For our latest guidance, see Ebola Outbreak: How Can I Help? An Update & Focus on Liberia.
The Ebola outbreak continues to spread in West Africa – deaths from the virus are growing, while the governments in the region are increasingly unable to deal with the fall-out from the disease. Helping citizens understand the situation is central to ensuring that Ebola does not spread any further.
Blair Glencorse, one of our social impact fellows here at the Center, also serves as the executive director of the Accountability Lab, an ngo working on the ground in Liberia to make Liberians more aware of their rights and responsibilities during the crisis. He recently wrote in Foreign Policy about the larger problems with the response to Ebola. His article focuses on the need to build trust between citizens and governments in the region, noting that the crisis “is quickly exposing how rapidly progress can be undermined. . .when it is not grounded in a fair, inclusive social compact between governments and their citizens.”

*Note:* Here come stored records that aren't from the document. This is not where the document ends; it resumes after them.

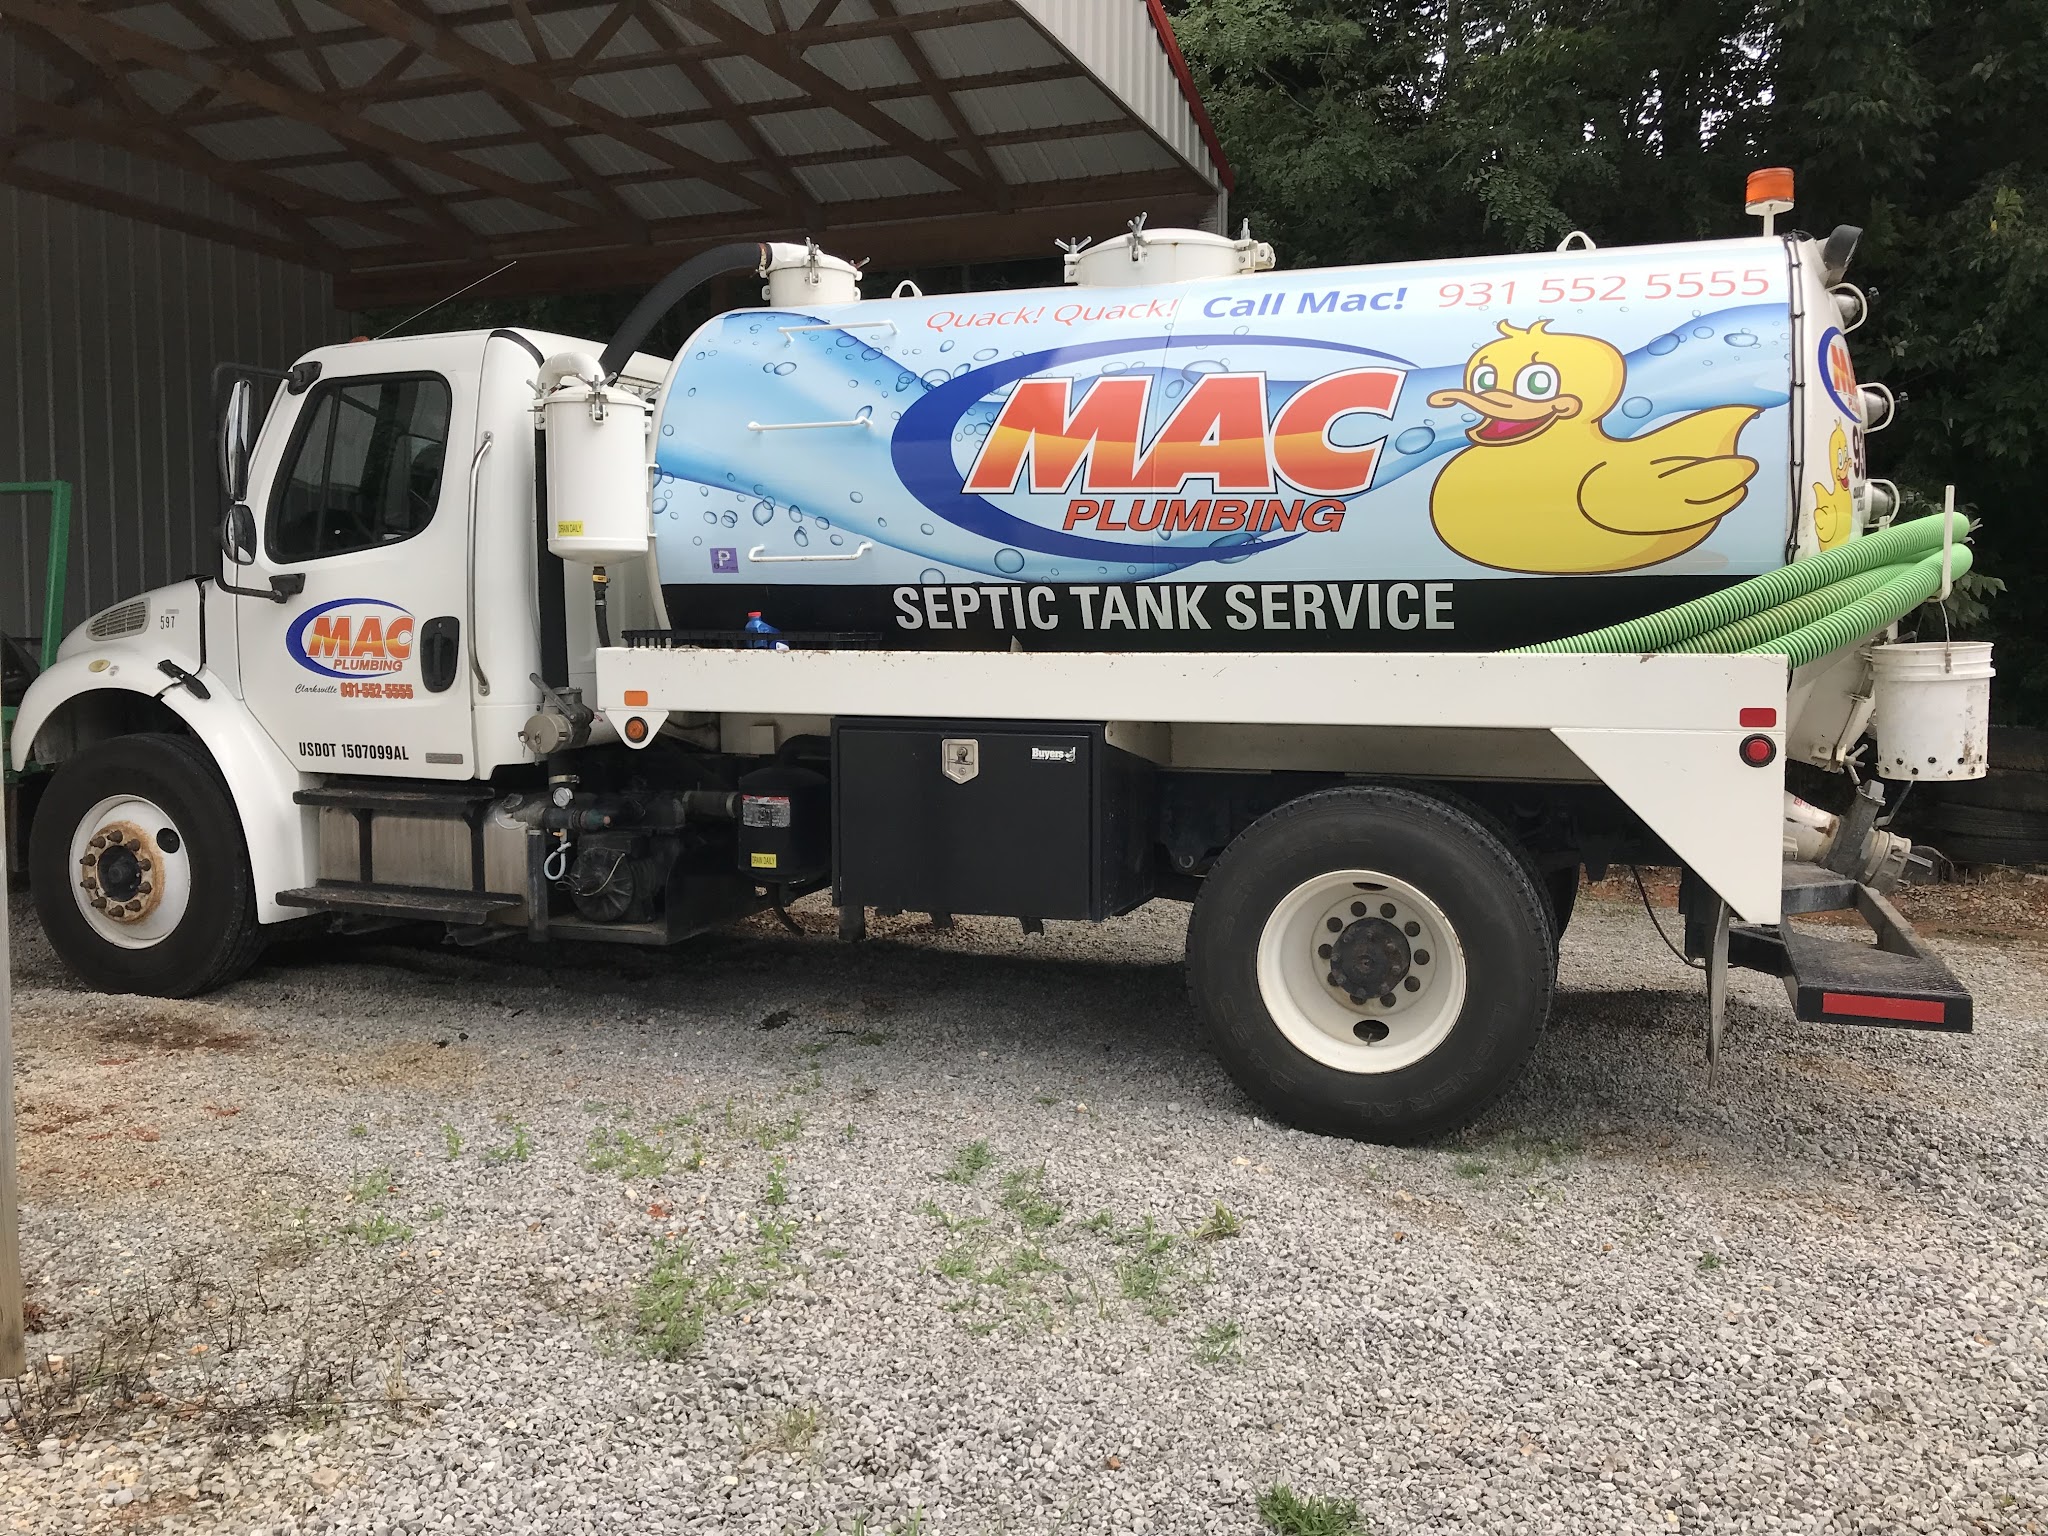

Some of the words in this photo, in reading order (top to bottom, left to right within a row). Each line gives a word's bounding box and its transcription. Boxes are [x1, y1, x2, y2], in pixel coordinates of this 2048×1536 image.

[926, 306, 1046, 333] Quack!
[1053, 298, 1179, 325] Quack!
[1203, 291, 1285, 319] Call
[1296, 287, 1408, 315] Mac!
[1438, 280, 1518, 308] 931
[1538, 275, 1628, 304] 552
[1644, 268, 1770, 300] 5555
[960, 366, 1408, 497] MAC
[1062, 498, 1348, 533] PLUMBING
[893, 585, 1059, 631] SEPTIC
[1069, 584, 1222, 631] TANK
[1226, 582, 1456, 632] SERVICE
[160, 616, 175, 629] 597
[306, 616, 415, 660] MAC
[333, 659, 403, 672] PLUMBING
[295, 683, 338, 694] Clarksville
[340, 682, 413, 699] 931-552-5555
[299, 742, 337, 758] USDOT
[341, 743, 409, 760] 1507099AL
[1031, 747, 1065, 760] Buyers
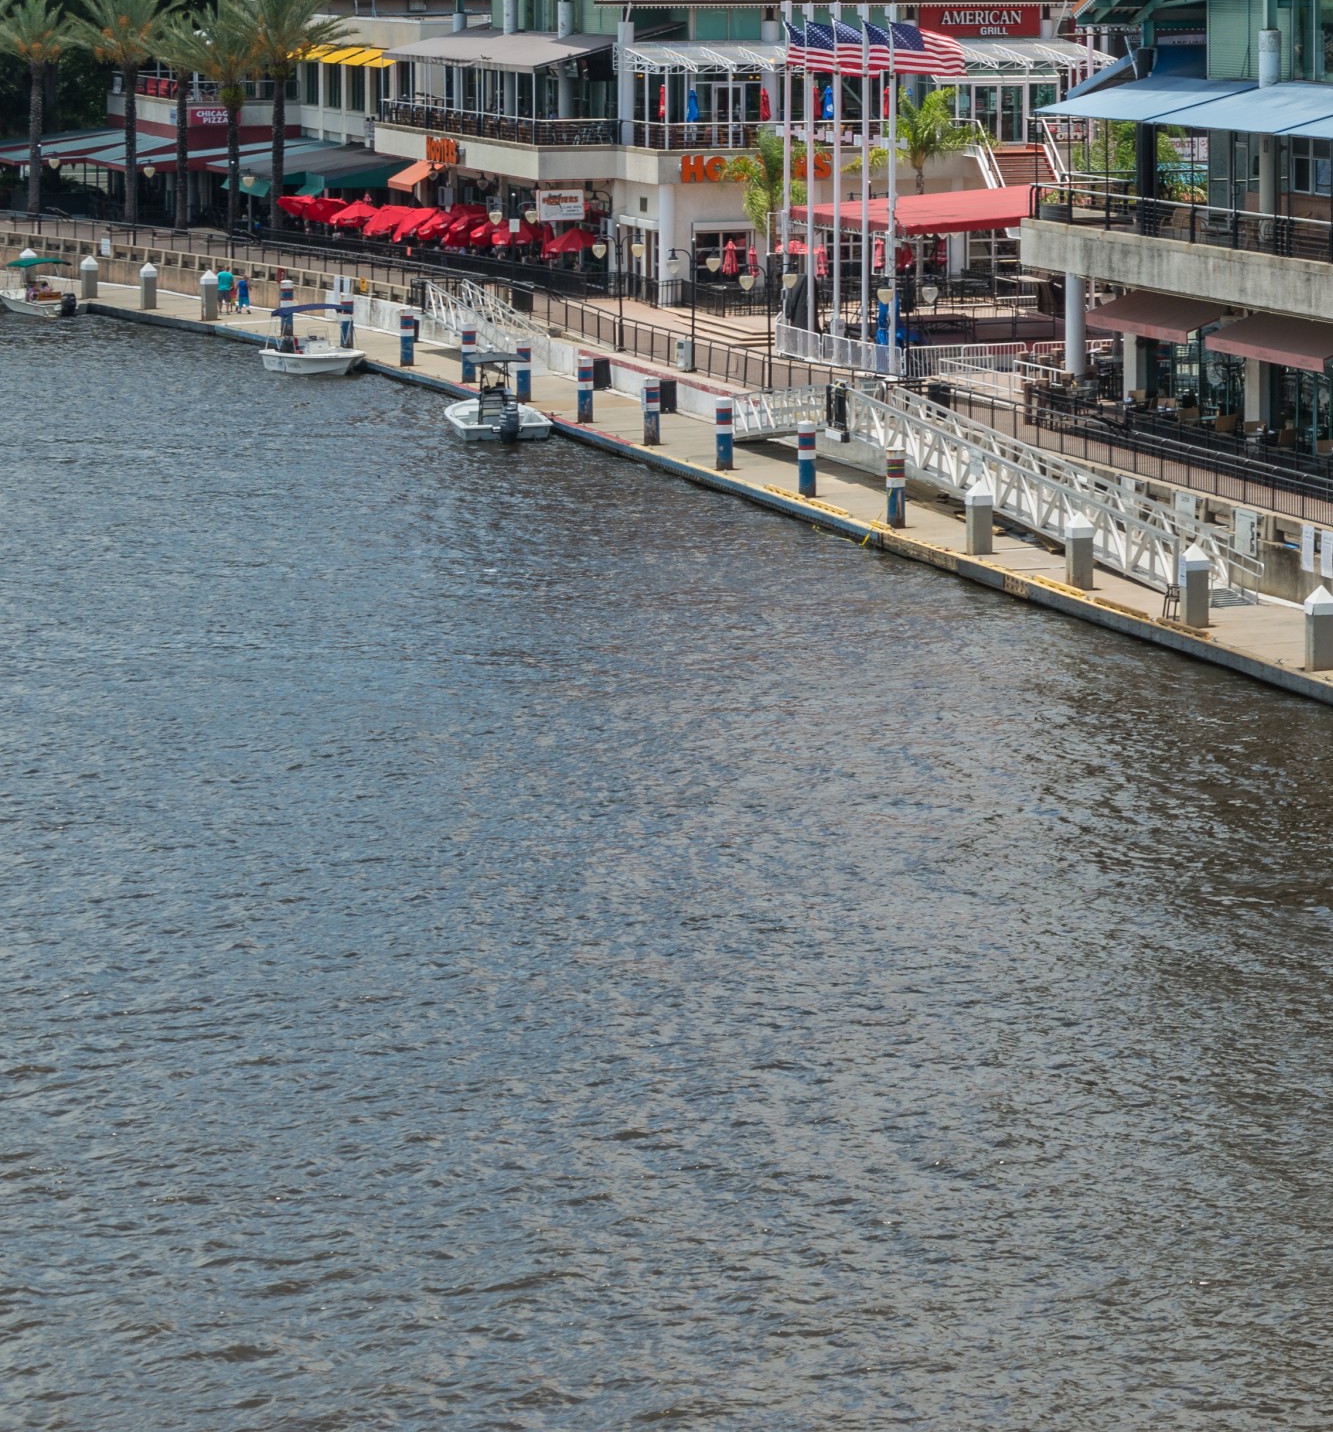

For those readers hoping to support the response to the Ebola crisis in West Africa, Blair suggests ways donors might help:
Support efforts to raise awareness of the crisis within the country, disseminate information, and distribute necessary safety and sanitation equipment. Kriterion Monrovia is an in-country nonprofit student group that is doing just that.
Help ensure the necessary equipment and skills are available to health centers. Doctors Without Borders is an ngo with specialized capacity to address major global public health disasters such as the current Ebola crisis. In fact, our center has profiled the organization several times in our coverage of effective disaster relief (How Can I Help?). The campaign for West Africa is fully funded, but you can donate to Doctors Without Borders to support their larger efforts to bring necessary medical care to some of the most hard-to-operate regions of the world.
Fund community-based approaches to healthcare, such as those profiled in several of our guides (Child Survival; Haiti: How Can I Help?). Such approaches offer a more long-term, sustainable way to address and prevent such crises. Organizations like Last Mile Health in Liberia, is one example of an ngo that has adopted such an approach.